Given Martin Scorsese's almost unparalleled passion for movies, it's not exactly surprising that the best parts of his problematic new biopic of Howard Hughes, "The Aviator," focus on the eccentric tycoon's days as a filmmaker.

Hughes, we learn, was obsessive about the details of his films and willing to spend any amount of money to fulfill his vision, whether it was capturing the intense speed of flight in the World War I epic "Hell's Angels" or the specially engineered uplift of Jane Russell's breasts in "The Outlaw."

You can feel the palpable delight Scorsese takes in telling these stories and taking us to old Hollywood tribal gatherings at the Cocoanut Grove and savoring little details like when Hughes stops production of "Hell's Angels" until the weather cooperates and provides the kind of clouds he wants, clouds "shaped like magnificent breasts."
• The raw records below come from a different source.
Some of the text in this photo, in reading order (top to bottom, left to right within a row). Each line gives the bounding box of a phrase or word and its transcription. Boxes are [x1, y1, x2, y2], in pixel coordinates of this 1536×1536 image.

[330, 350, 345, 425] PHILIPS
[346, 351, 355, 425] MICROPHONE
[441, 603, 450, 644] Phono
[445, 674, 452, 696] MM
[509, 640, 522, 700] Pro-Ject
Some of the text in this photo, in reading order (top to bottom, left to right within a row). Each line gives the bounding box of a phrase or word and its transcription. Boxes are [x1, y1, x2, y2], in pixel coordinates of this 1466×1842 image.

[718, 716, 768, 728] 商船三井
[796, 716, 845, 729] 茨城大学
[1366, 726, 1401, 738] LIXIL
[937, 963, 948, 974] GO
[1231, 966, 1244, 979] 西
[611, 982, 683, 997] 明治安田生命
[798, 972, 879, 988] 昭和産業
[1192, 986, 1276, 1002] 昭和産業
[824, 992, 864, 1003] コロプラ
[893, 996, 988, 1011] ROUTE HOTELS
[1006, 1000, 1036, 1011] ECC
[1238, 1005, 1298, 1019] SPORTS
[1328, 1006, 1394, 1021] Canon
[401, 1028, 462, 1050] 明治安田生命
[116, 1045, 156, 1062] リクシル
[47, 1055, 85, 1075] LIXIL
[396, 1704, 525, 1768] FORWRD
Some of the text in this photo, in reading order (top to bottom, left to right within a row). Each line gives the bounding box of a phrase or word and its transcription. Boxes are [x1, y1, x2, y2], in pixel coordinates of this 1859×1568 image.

The man did have his fixations -- women, planes, movies. But as we also know, Hughes had his demons, too, and "The Aviator" spends a fair amount of time focusing on the Texan's fear of germs, his deafness and overall general nuttiness. And, frankly, the movie never quite makes us give a damn, a fault that can be laid on squarely on the expediency with which the film dispatches its psychoanalysis of Hughes.

In a way, this brevity is understandable. You don't necessarily want to be like Taylor Hackford's "Ray" and keep coming back to a childhood trauma and make it the be-all, end-all cause of every unpleasant episode in the man's life. (In the case of Ray Charles, it wasn't, by the way.) But neither do you want to open your movie as "The Aviator" does with Hughes' mother giving him an overly attentive bath and simply leave it at that. One bad scrub-down explains a life of obsessive-compulsive behavior?

Maybe there is no clear-cut explanation for Hughes' phobias. But if screenwriter John Logan and Scorsese are going to give us a crazy man who doesn't cut his toenails and urinates in milk bottles and expect us to empathize with the guy, they need to give us more to work with. But then, dramatizing Hughes' enthusiasms is easy, particularly for a man of passion like Scorsese. Finding the tension in a guy being afraid to touch a doorknob - that's a problem, and the solution eludes the filmmakers.

What you're left with are a lot of exhilarating moments, particularly whenever Hughes (played with consummate, engaging professionalism by Leonardo DiCaprio, almost compensating for the fact that he's not quite right for the part) is shown in the air flying one of his many newfangled machines. In these sequences, Scorsese marvelously blends digital effects with live action, creating some positively giddy (and terrifying, in a couple of cases) scenes of flight that are a joy to behold.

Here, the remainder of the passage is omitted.